*Task item:* Return each entry word for word and skip its pictures.

Collected data entries:
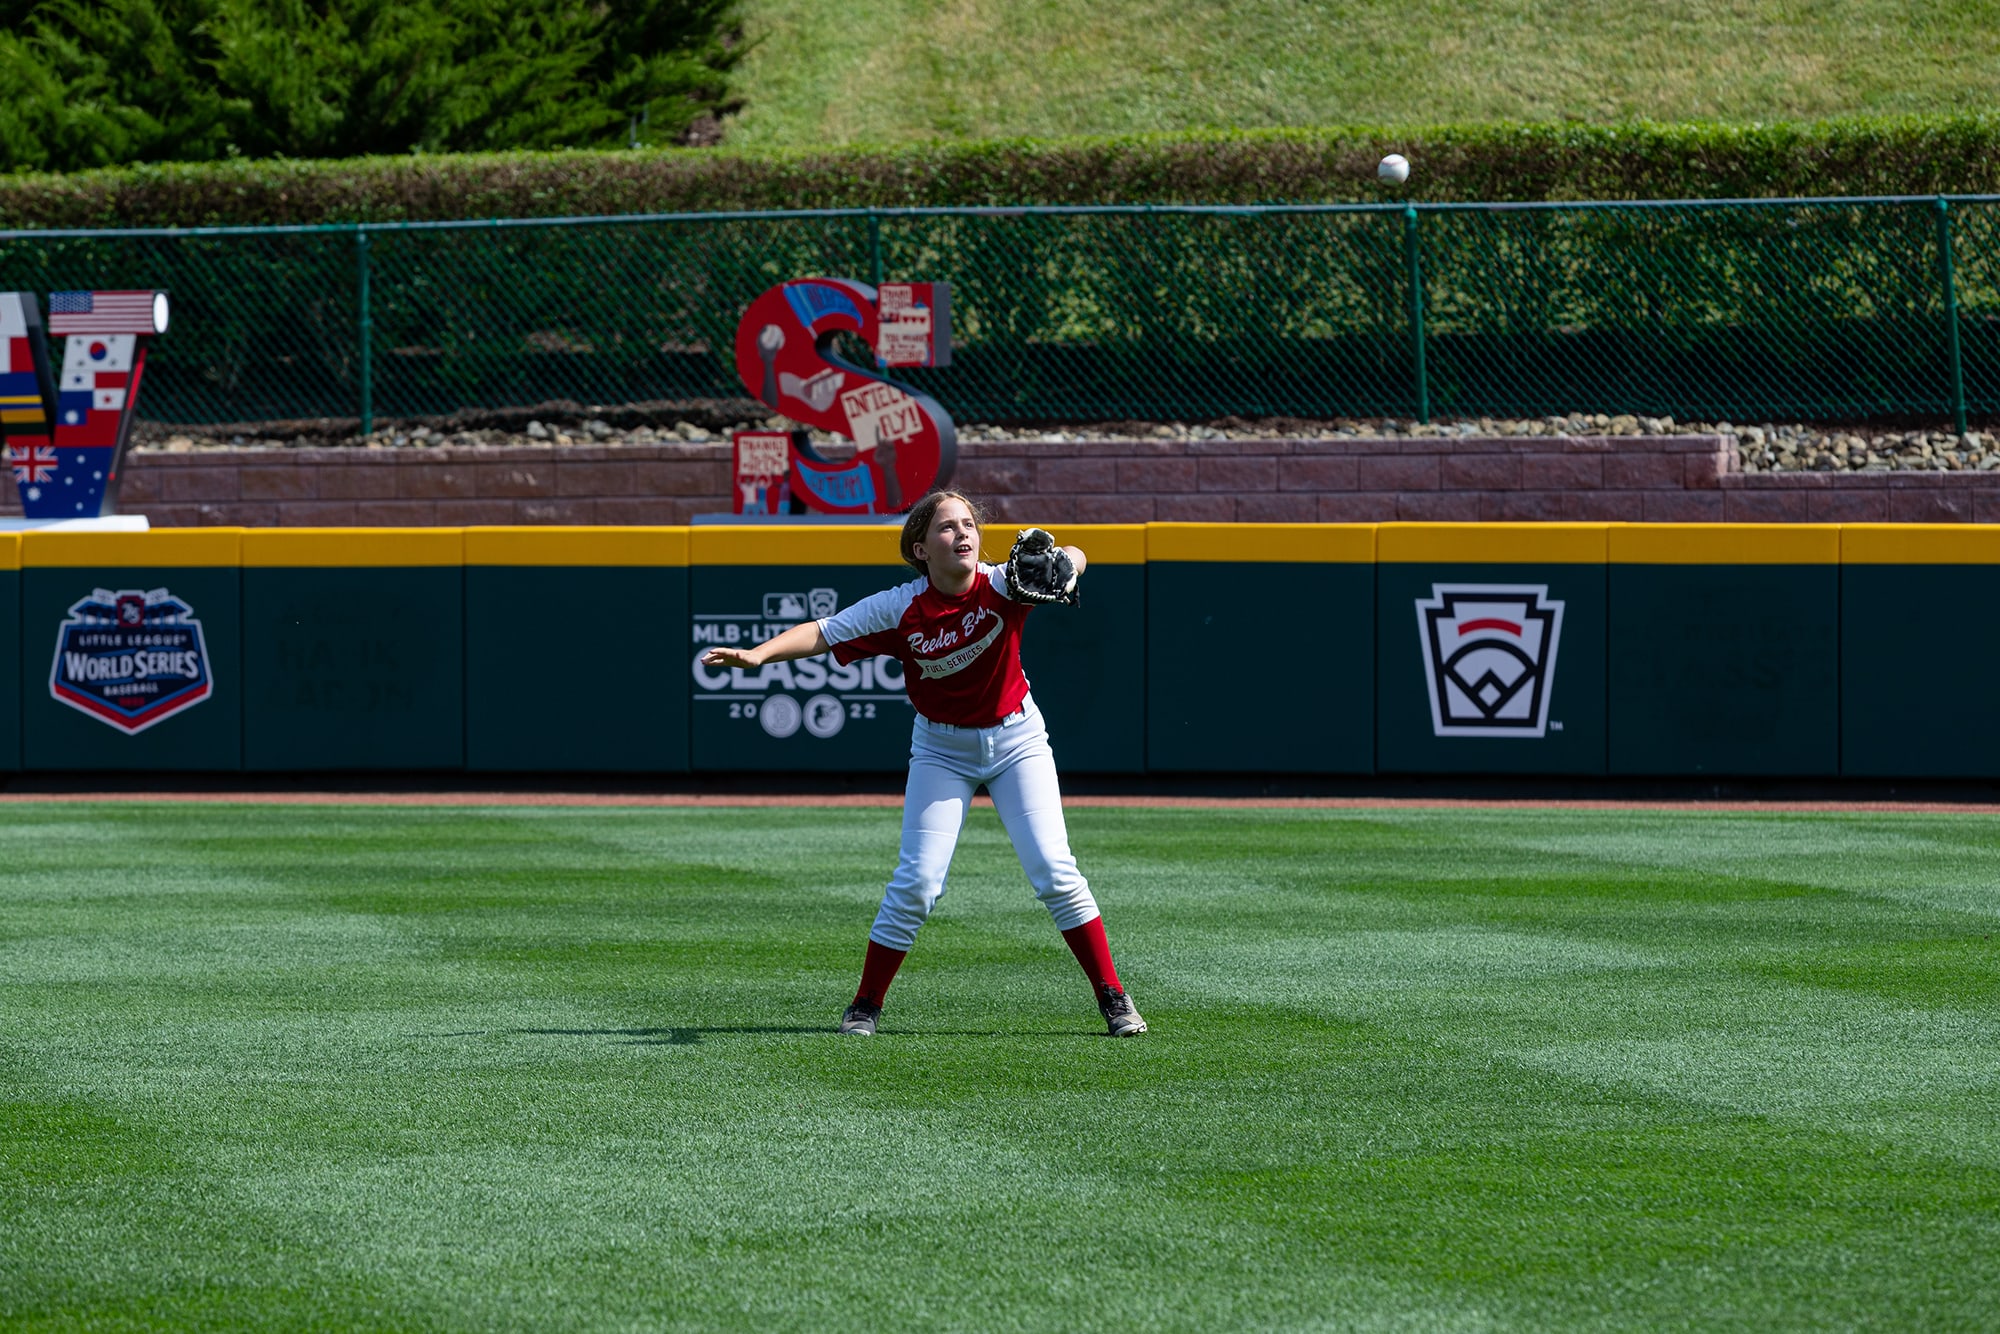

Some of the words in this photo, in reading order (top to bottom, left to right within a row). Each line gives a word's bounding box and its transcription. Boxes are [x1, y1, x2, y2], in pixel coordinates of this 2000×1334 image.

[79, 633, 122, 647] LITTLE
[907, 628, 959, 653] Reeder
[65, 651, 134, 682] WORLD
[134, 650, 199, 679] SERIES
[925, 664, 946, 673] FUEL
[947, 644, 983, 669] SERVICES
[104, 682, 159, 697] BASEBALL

*Response below:*
Some of the words in this photo, in reading order (top to bottom, left to right within a row). Each line gives a word's bounding box and its transcription. Boxes are [x1, y1, x2, y2], in pixel coordinates of this 2000×1334 image.

[79, 633, 122, 647] LITTLE
[907, 628, 959, 653] Reeder
[65, 651, 134, 682] WORLD
[134, 650, 199, 679] SERIES
[925, 664, 946, 673] FUEL
[947, 644, 983, 669] SERVICES
[104, 682, 159, 697] BASEBALL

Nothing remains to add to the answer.